DEL: Many years ago, Yehuda Bauer told me the following story. He had started his academic career as a historian of the Yishuv, the pre-state Jewish community in Palestine. One day Abba Kovner, the leader of the Vilna ghetto resistance and one of Israel’s most beloved poets, said to him, “What is the most significant thing to happen to the Jewish people in the 20th century?” Bauer said, “The establishment of the state of Israel and the Shoah, which took the life of one out of every three Jews alive.” Kovner admonished him: “There are many who are studying the history of Israel. There are virtually none who are studying the Shoah. That must be your topic.”
- To elaborate on your answer to #7, several times in the book, you stress that antisemitism cannot be the sum total of one’s Jewish experience or perspective. Why do you think Jewish identity for so many is anchored in someone else’s hate rather than in the warm embrace of a vibrant Jewish life?
DEL: Hate, prejudice, and persecution are the great equalizers.
You need not be an educated or identifying Jew to be the subject of oppression. The Germans did not distinguish between highly identifying Jews and totally assimilated ones when they gathered their prey. (In fact, they thought of assimilated Jews, i.e. those Jews who could not be easily identified as Jews, as more dangerous than Jews who could be easily identified. Assimilated Jews could, the Nazis argued, more easily do their evil deeds without being noticed.) One does not have to know anything about Jewish tradition to know that I or my family can be the objects of hatred.

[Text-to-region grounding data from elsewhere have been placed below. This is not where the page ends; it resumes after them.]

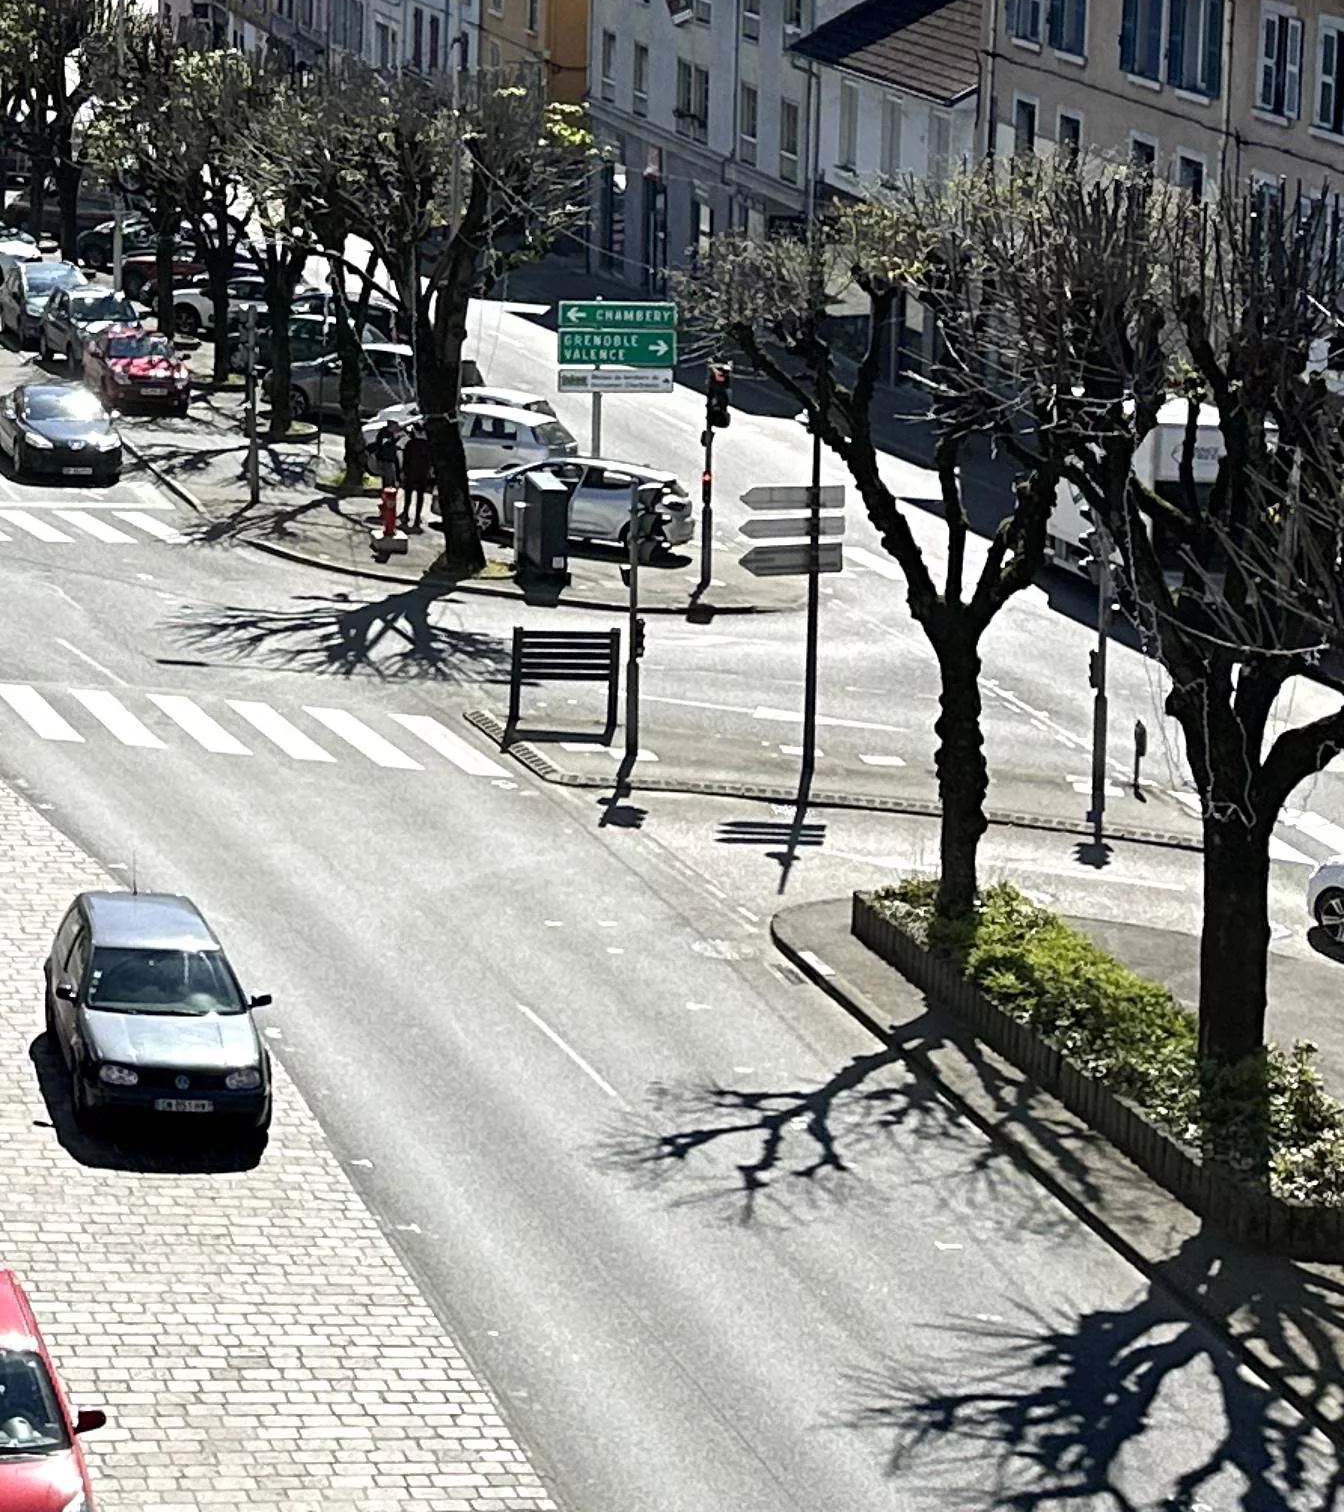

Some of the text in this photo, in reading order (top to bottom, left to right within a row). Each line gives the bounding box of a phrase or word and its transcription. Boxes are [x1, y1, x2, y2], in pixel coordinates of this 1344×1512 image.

[595, 309, 671, 322] CHAMBERY
[563, 335, 640, 347] GRENOBLE
[563, 349, 626, 361] VALENCE
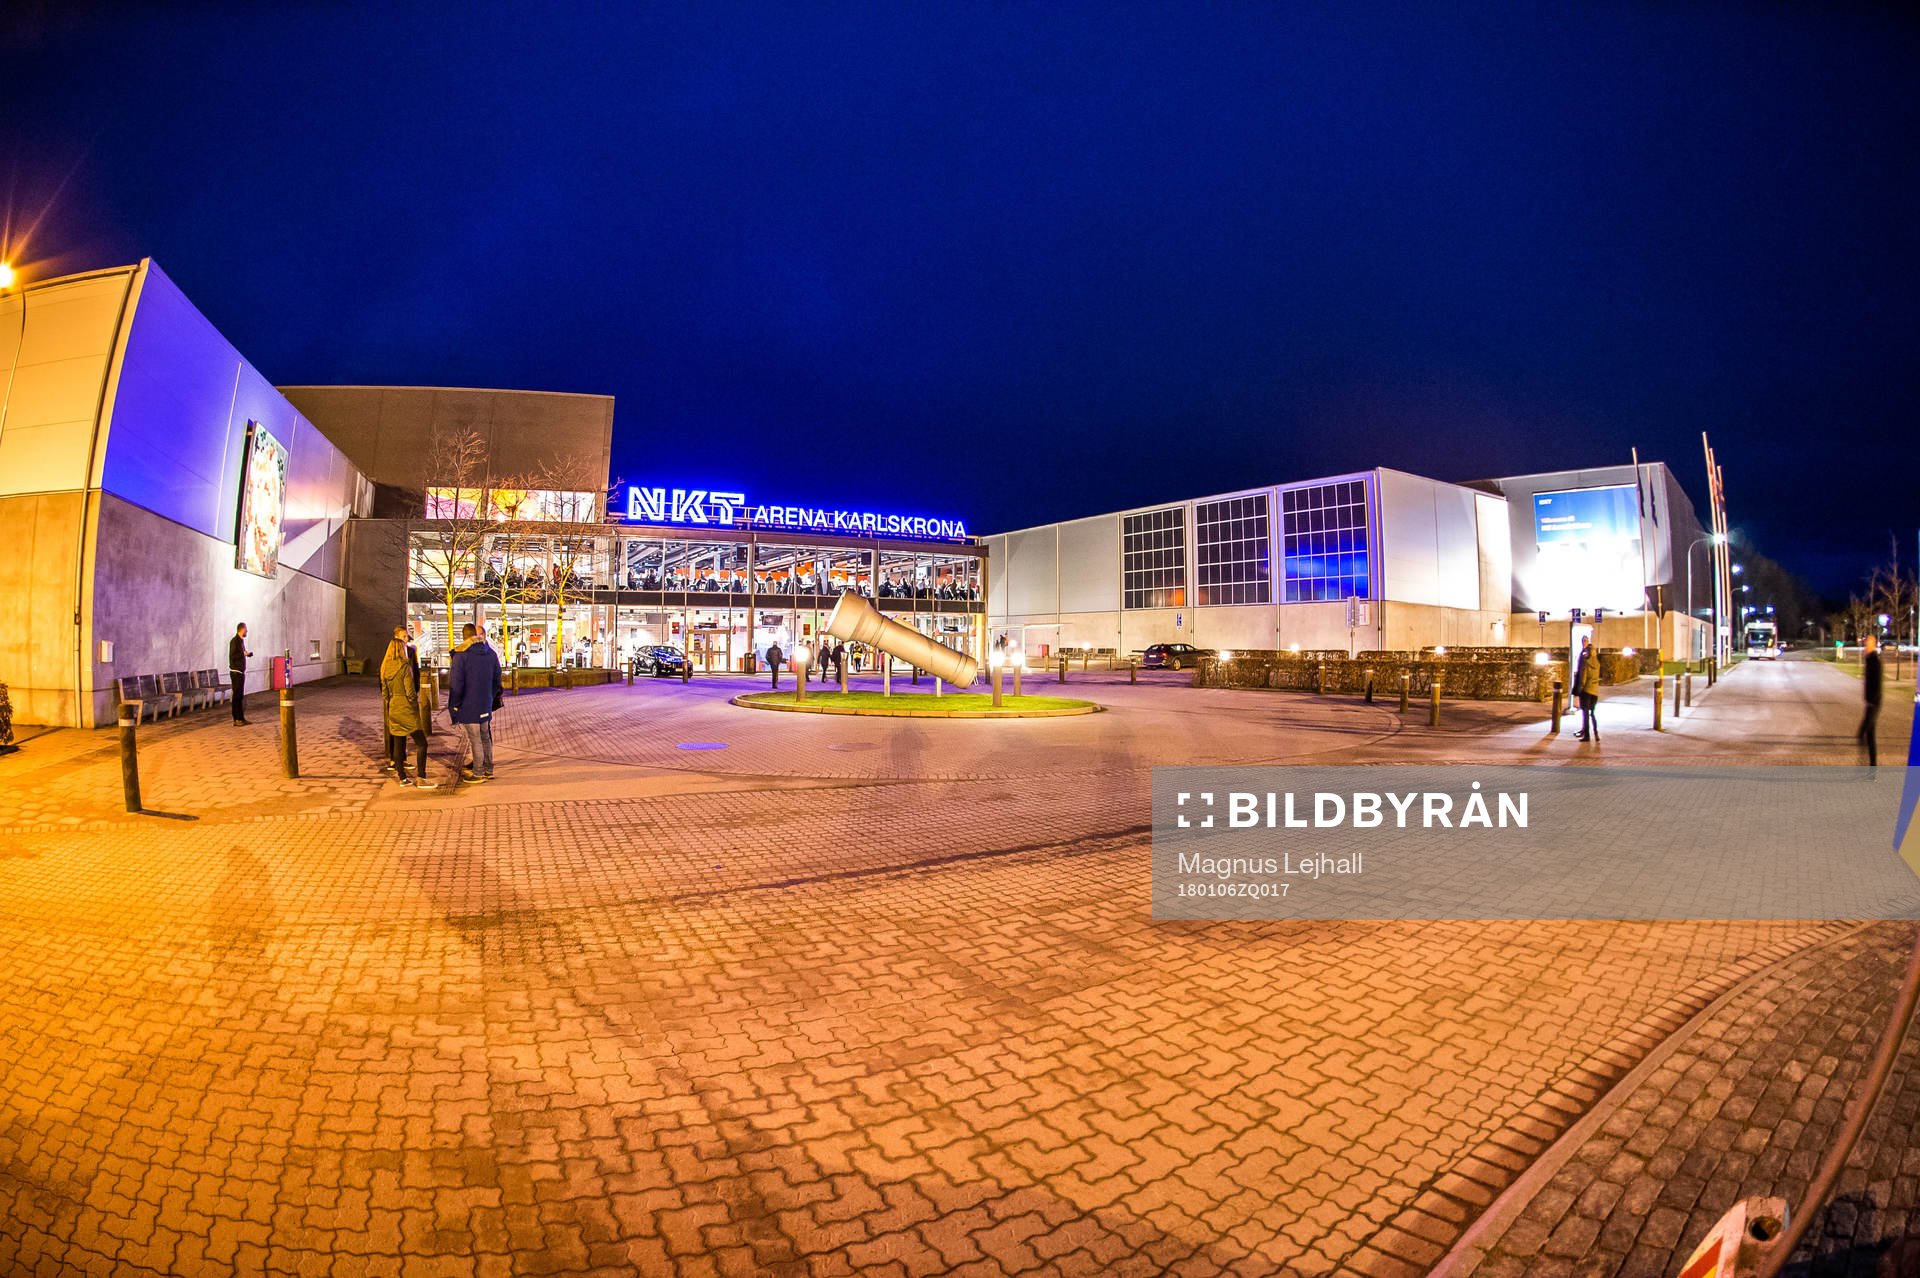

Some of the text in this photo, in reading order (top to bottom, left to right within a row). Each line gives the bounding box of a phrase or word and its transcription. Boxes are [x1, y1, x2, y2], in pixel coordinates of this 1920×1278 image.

[628, 486, 966, 537] NKT ARENA KARLSKRONA
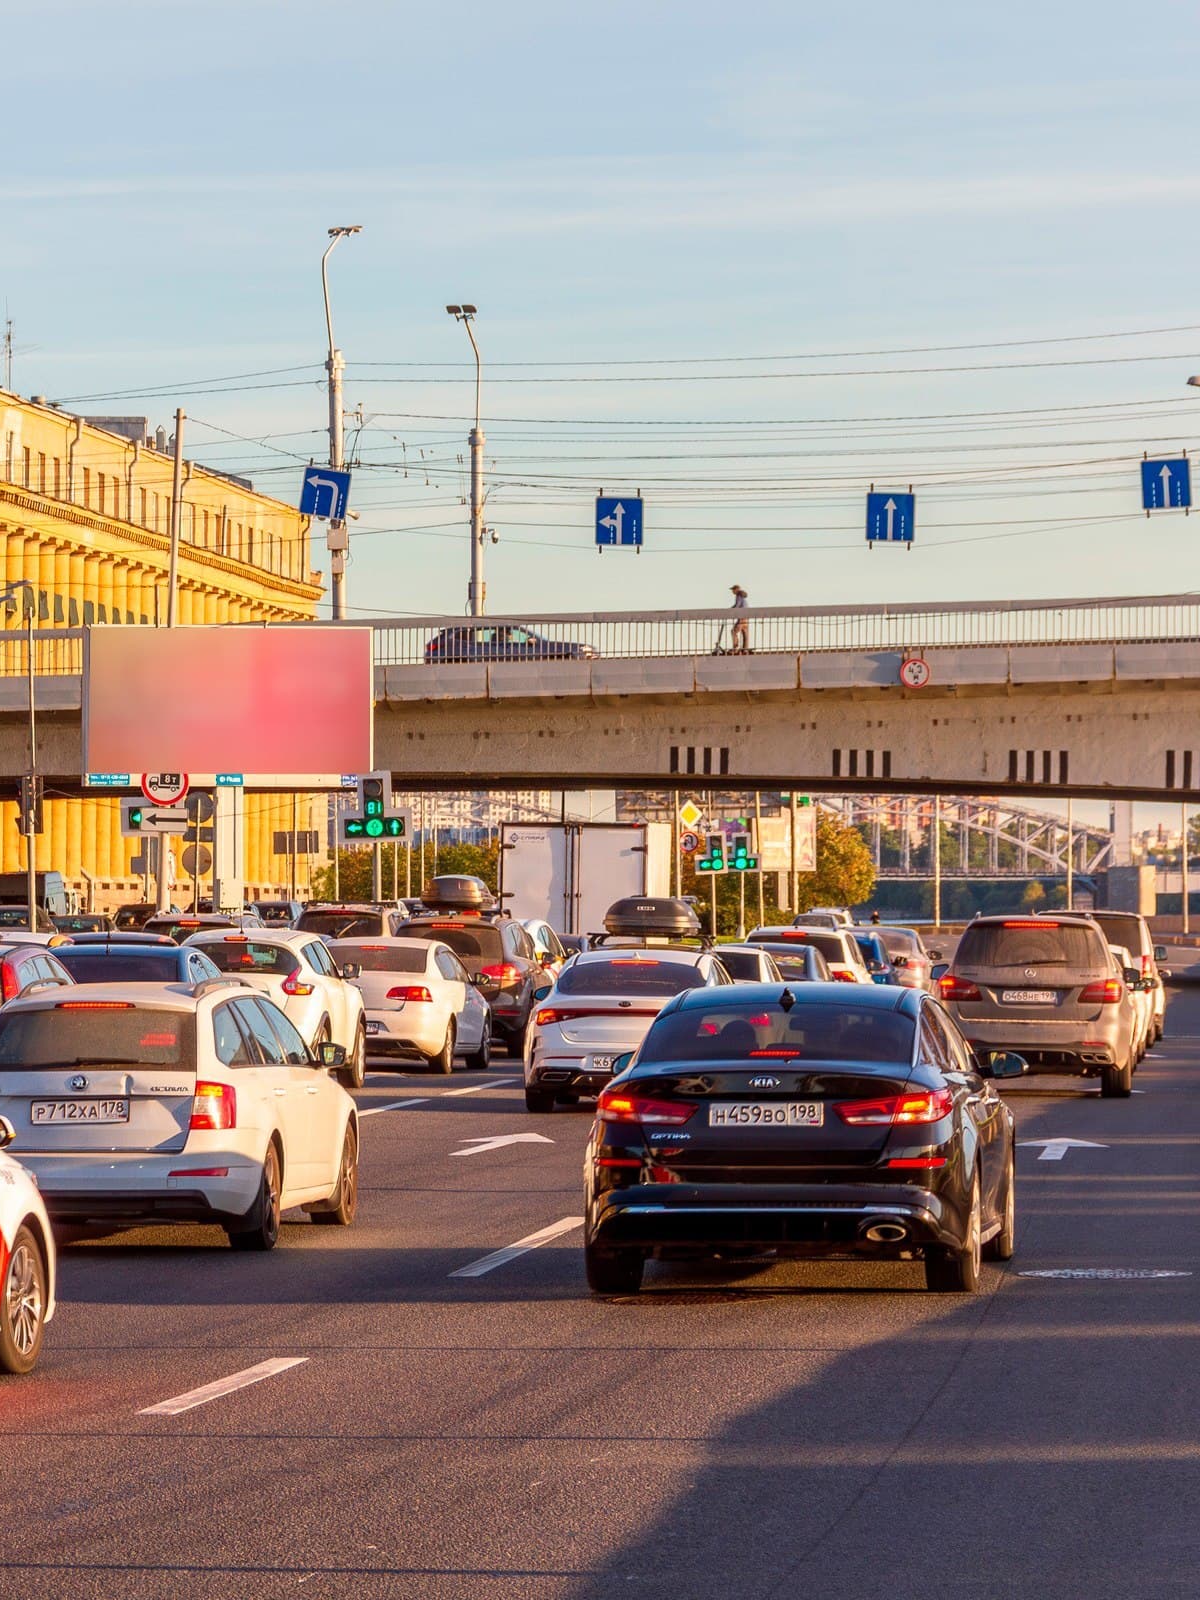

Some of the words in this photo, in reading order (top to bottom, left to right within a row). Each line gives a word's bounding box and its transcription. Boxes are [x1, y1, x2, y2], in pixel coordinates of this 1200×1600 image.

[367, 801, 381, 815] 81
[753, 1077, 774, 1087] KIA
[37, 1103, 98, 1119] Р712ХА
[101, 1101, 124, 1114] 178
[715, 1105, 786, 1123] Н459ВО
[790, 1104, 816, 1119] 198

- You make an important distinction between antisemites and antisemitism, asking your readers to fight antisemitism while not elevating “its purveyors.” Can you help readers better understand this distinction?
DEL: This is a big challenge. How do you fight discrimination and hatred without making the purveyor of that hatred seem to be more important than they are? In the book I mention what my lawyer Anthony Julius told me shortly before my trial. “Think of fighting David Irving as you would of cleaning the shit in which you stepped off your shoes. The dirt has no intrinsic importance but you must get it off your feet and not drag it into the house. If you do the latter and get it into the carpet and on the floors, you will be in real trouble.” Antisemites, racists, homophobes, and the like are low lifes. We must fight them – clean them off our feet — without making them seem very important.
Having said that, I acknowledge how difficult it is. During my trial, my legal team made David Irving look absurd in the courtroom. He was repeatedly caught in lies, prevarications, and misquotations. Simply put, he looked silly.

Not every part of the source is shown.